AMD muscles Nvidia with fanless GPU coprocessors

Anything you can do, we can do. Except ECC

Securing Web Applications Made Simple and Scalable

Keeping pace with Nvidia in the GPU wars, Advanced Micro Devices has not only launched its "Lisbon" Opteron 4100 processors but also released the embedded versions of its "Cypress" family of GPUs, a counterpunch to Nvidia's "Fermi" chips used in its Tesla embedded GPUs.

The Cypress GPUs already made their way into the ATI Radeon HD 5870 discrete graphics cards (last October and the ATI FirePro V8800 graphics cards for high-end workstations (back in April). Today, the Cypress GPUs will be plunked into the third generation of FireStream GPU coprocessors intended for embedded applications where the GPUs do complex math that an x64 can't do without both taking its shoes off and pulling its pants down (if it is male) or lifting its shirt up (if it is female).

The Cypress GPU is no slouch, just like Nvidia's Fermi GPUs — and just like Intel and AMD are fierce competitors that get the best of each other every now and again, the competition between AMD and Nvidia drives innovation forward.

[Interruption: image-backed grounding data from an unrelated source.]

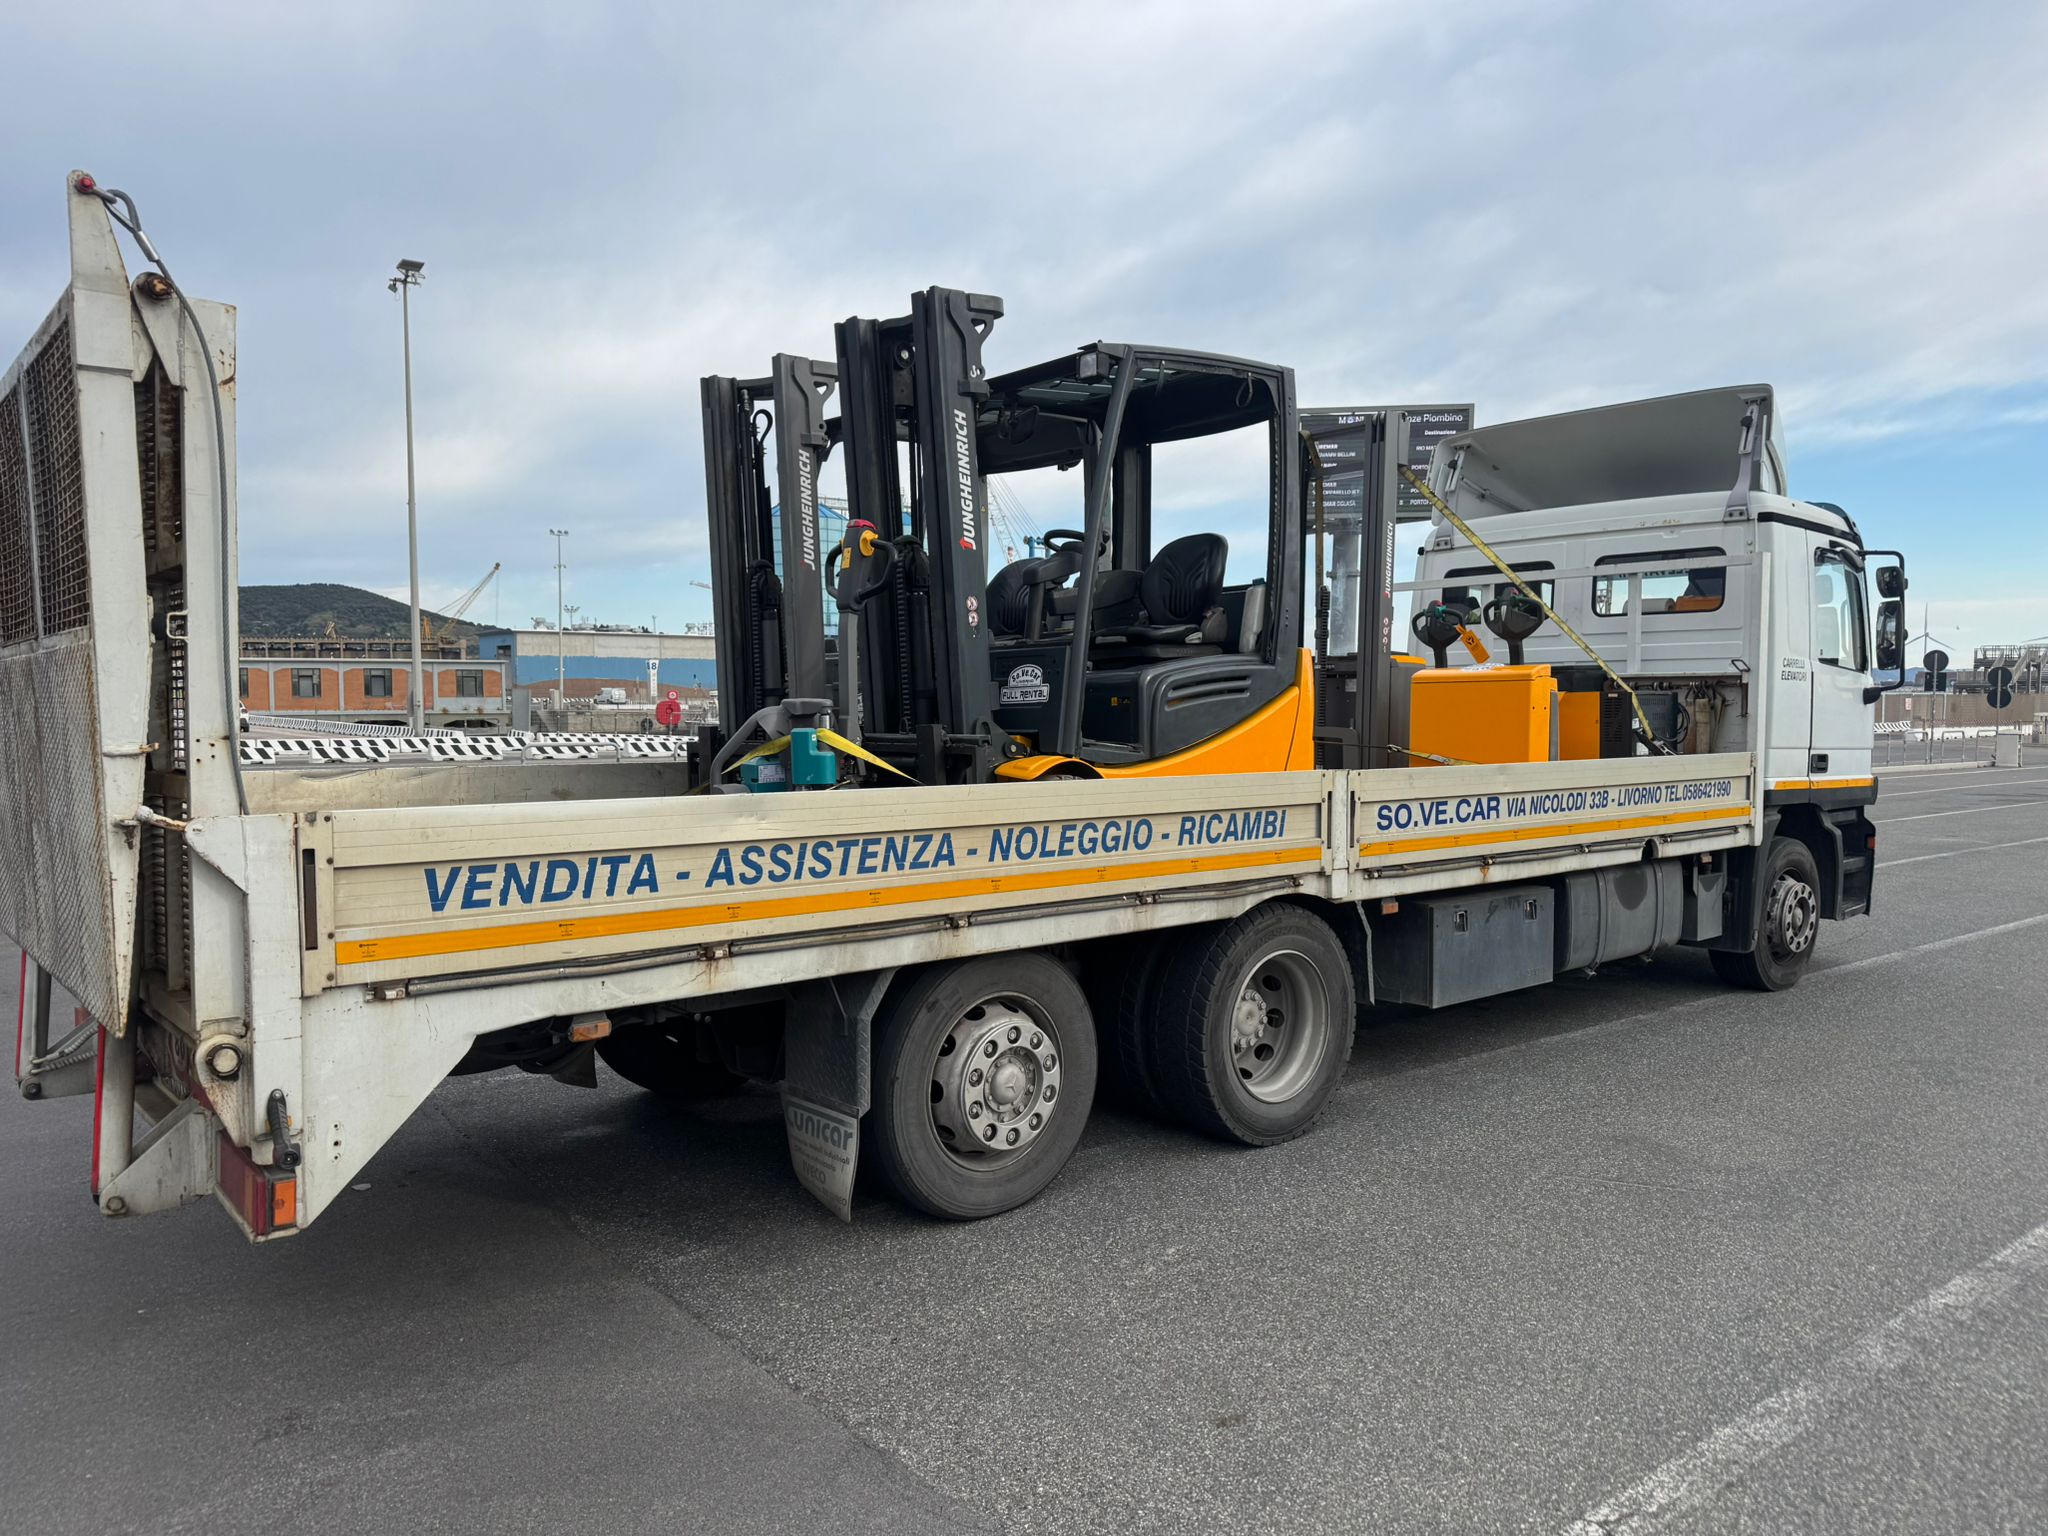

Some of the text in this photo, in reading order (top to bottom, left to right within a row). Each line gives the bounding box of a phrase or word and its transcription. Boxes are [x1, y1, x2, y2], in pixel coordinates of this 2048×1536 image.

[1423, 413, 1463, 423] Piombino
[798, 449, 816, 571] JUNGHEINRICH
[954, 408, 976, 551] JUNGHEINRICH
[1383, 521, 1394, 599] JUNGHEINRICH
[1003, 691, 1018, 700] FULL
[1376, 796, 1500, 831] SO.VE.CAR
[1507, 797, 1526, 818] VIA
[1529, 791, 1588, 815] NICOLODI
[1589, 790, 1609, 810] 33B
[1617, 785, 1662, 807] LIVORNO
[423, 853, 659, 913] VENDITA
[704, 832, 956, 889] ASSISTENZA
[988, 818, 1154, 863] NOLEGGIO
[1177, 810, 1287, 847] RICAMBI
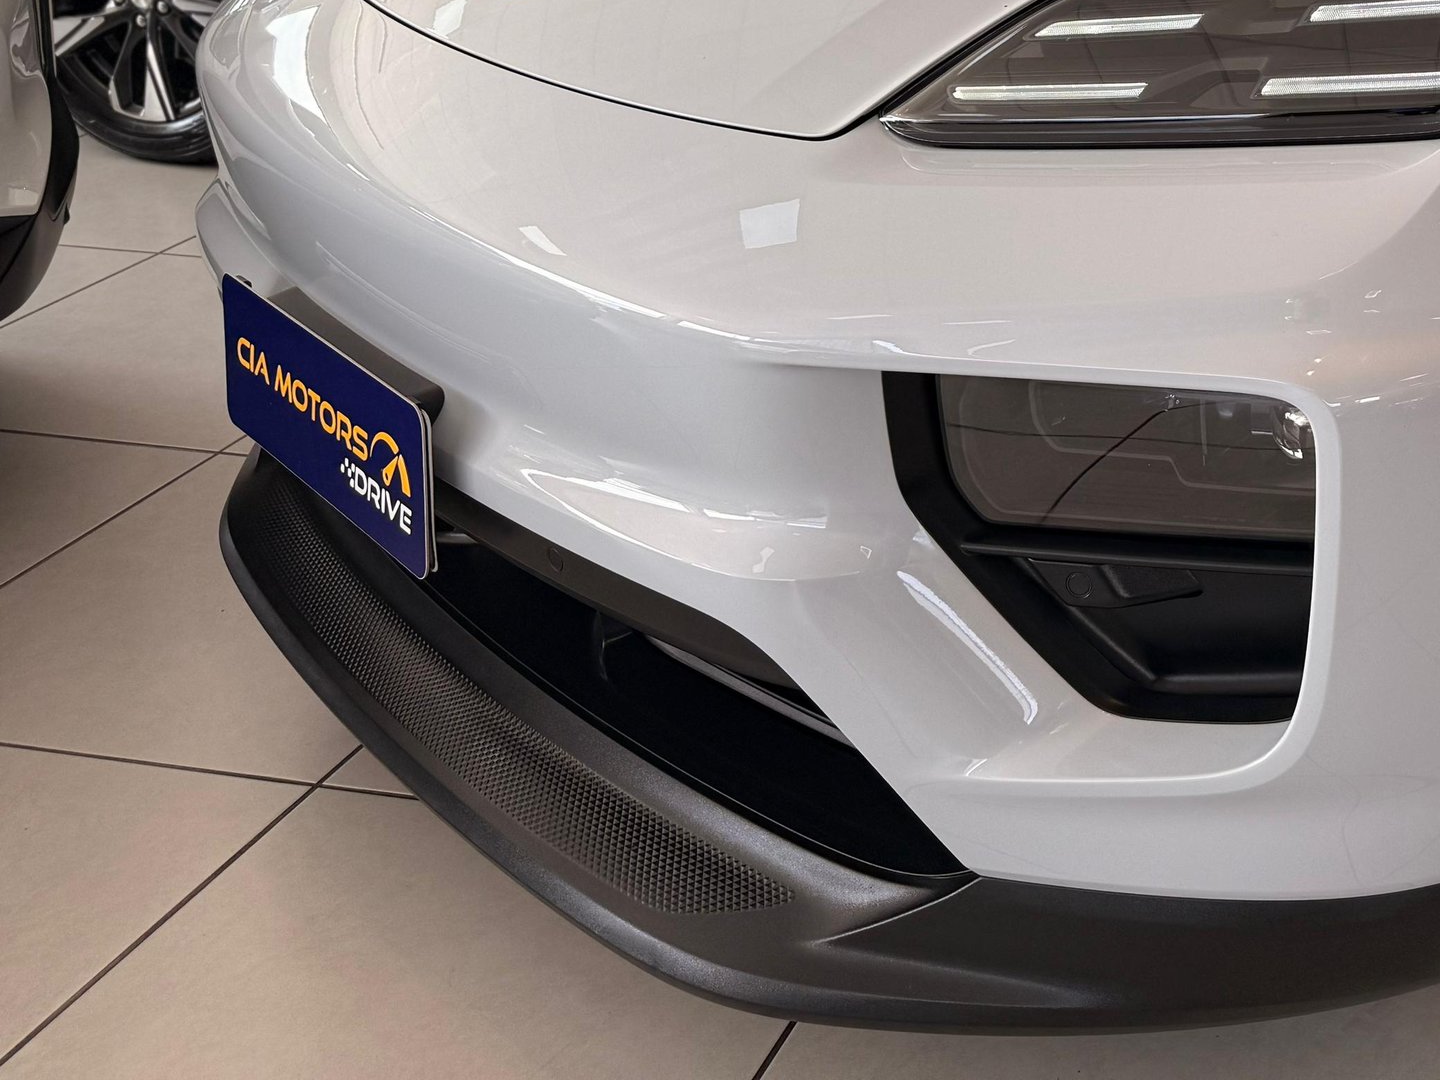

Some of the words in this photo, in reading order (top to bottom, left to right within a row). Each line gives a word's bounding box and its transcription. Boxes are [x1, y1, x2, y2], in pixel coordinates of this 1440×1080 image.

[237, 337, 270, 385] CIA
[274, 364, 369, 461] MOTORS
[354, 466, 413, 535] DRIVE

The Cypress GPU gets the normal fan-cooled packaging for the Radeon HD and FirePro discrete graphics cards, with the major difference being that the FirePro cards has more video memory. With the FireStream GPU co-processors, the units are equipped with a passive heat sink that allows them to slide into rack and tower servers, creating the hybrid x64-GPU systems that many think will soon become the norm in the HPC arena.

Here's the block diagram laying out the Cypress GPU components:

AMD's Cypress GPU

The Cypress chip has 1,600 SIMD engines and a slew of supporting electronics wrapped around them so they can do math with their clothing still intact. The AMD GPU has full support for the DirectCompute 11 and OpenCL 1.0 graphics and number-crunching protocols embedded in its hardware, and also includes 32-bit atomic operations, flexible 32KB local data shares, 64KB global data shares, global synchronization, and append/consume buffers etched onto its silicon.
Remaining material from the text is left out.